THE TASK: Every entry in the data that follows should come back exactly, pictures aside.

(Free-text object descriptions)
- - - -

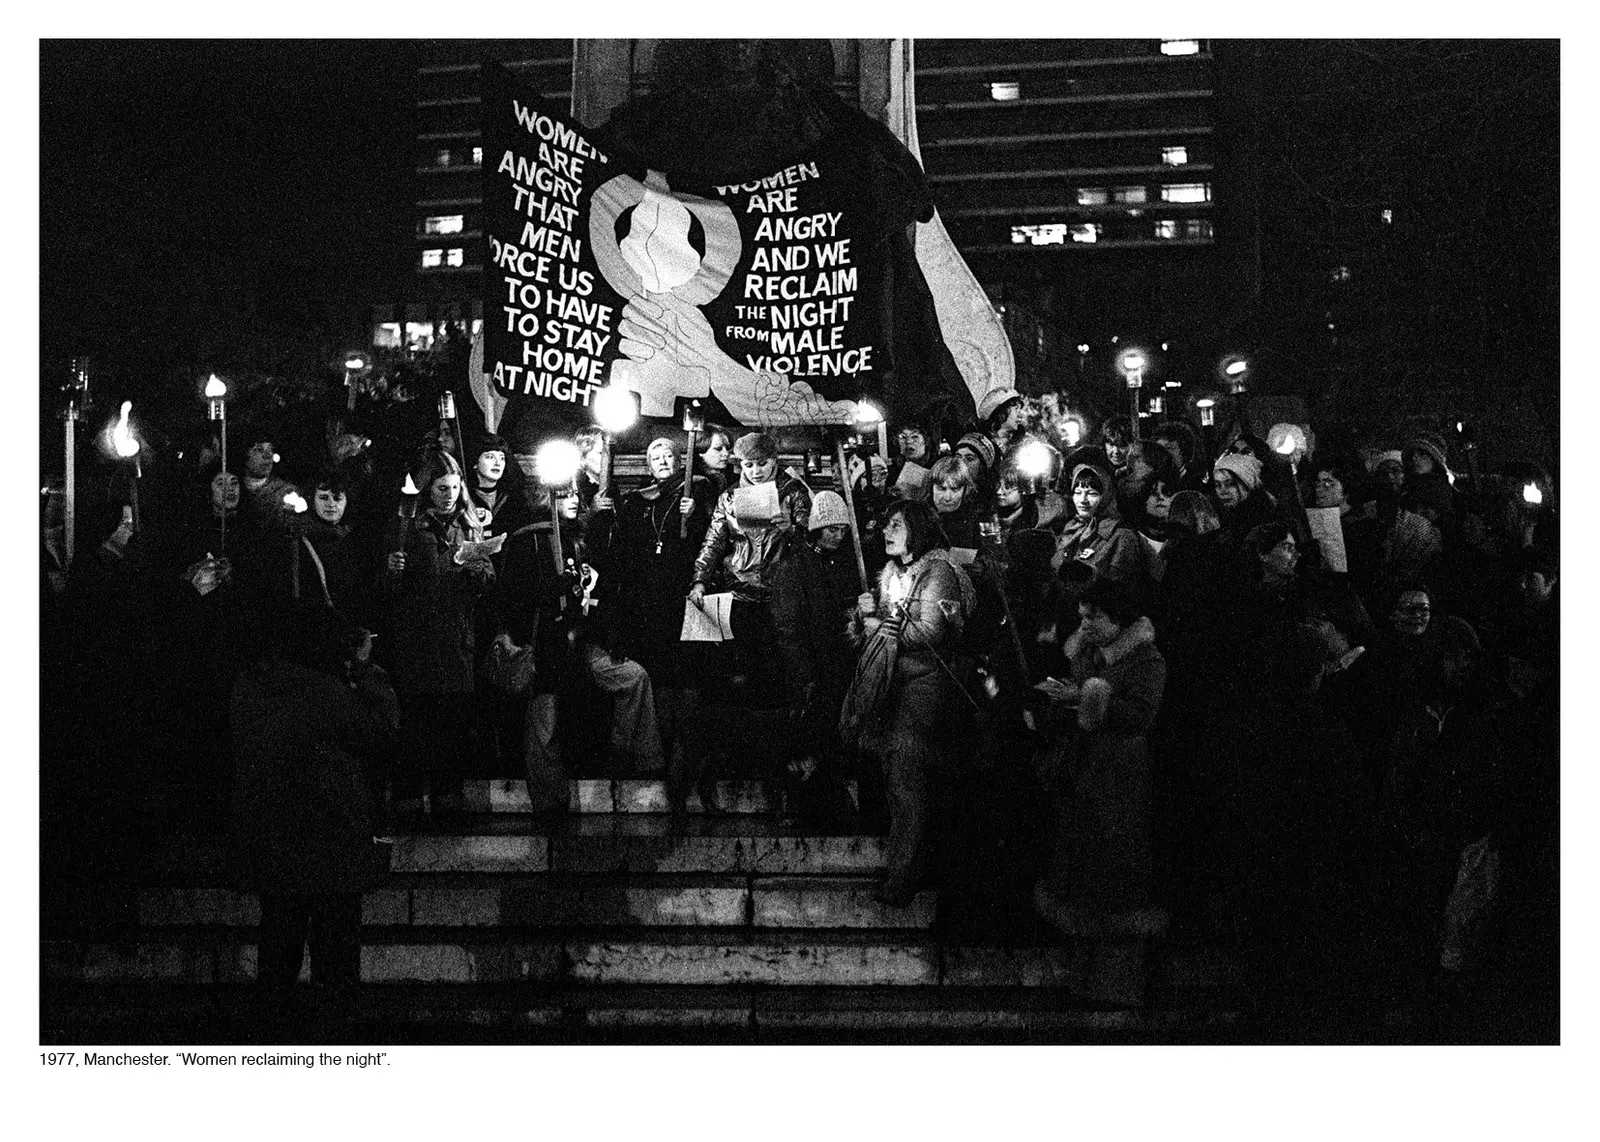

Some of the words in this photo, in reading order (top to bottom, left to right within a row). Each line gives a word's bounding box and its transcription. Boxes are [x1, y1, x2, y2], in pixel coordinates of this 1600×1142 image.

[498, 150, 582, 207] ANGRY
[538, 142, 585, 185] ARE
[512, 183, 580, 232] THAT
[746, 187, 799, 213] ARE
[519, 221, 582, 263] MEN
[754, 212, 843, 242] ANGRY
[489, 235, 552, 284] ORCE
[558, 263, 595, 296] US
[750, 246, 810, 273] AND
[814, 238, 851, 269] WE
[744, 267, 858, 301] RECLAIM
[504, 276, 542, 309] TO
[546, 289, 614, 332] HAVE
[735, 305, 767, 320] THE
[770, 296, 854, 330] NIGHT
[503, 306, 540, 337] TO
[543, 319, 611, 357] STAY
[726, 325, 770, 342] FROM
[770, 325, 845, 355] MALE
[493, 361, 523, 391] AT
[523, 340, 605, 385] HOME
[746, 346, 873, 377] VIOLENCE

- - - -

REPLY TO THE TASK:
Some of the words in this photo, in reading order (top to bottom, left to right within a row). Each line gives a word's bounding box and its transcription. Boxes are [x1, y1, x2, y2], in pixel coordinates of this 1600×1142 image.

[498, 150, 582, 207] ANGRY
[538, 142, 585, 185] ARE
[512, 183, 580, 232] THAT
[746, 187, 799, 213] ARE
[519, 221, 582, 263] MEN
[754, 212, 843, 242] ANGRY
[489, 235, 552, 284] ORCE
[558, 263, 595, 296] US
[750, 246, 810, 273] AND
[814, 238, 851, 269] WE
[744, 267, 858, 301] RECLAIM
[504, 276, 542, 309] TO
[546, 289, 614, 332] HAVE
[735, 305, 767, 320] THE
[770, 296, 854, 330] NIGHT
[503, 306, 540, 337] TO
[543, 319, 611, 357] STAY
[726, 325, 770, 342] FROM
[770, 325, 845, 355] MALE
[493, 361, 523, 391] AT
[523, 340, 605, 385] HOME
[746, 346, 873, 377] VIOLENCE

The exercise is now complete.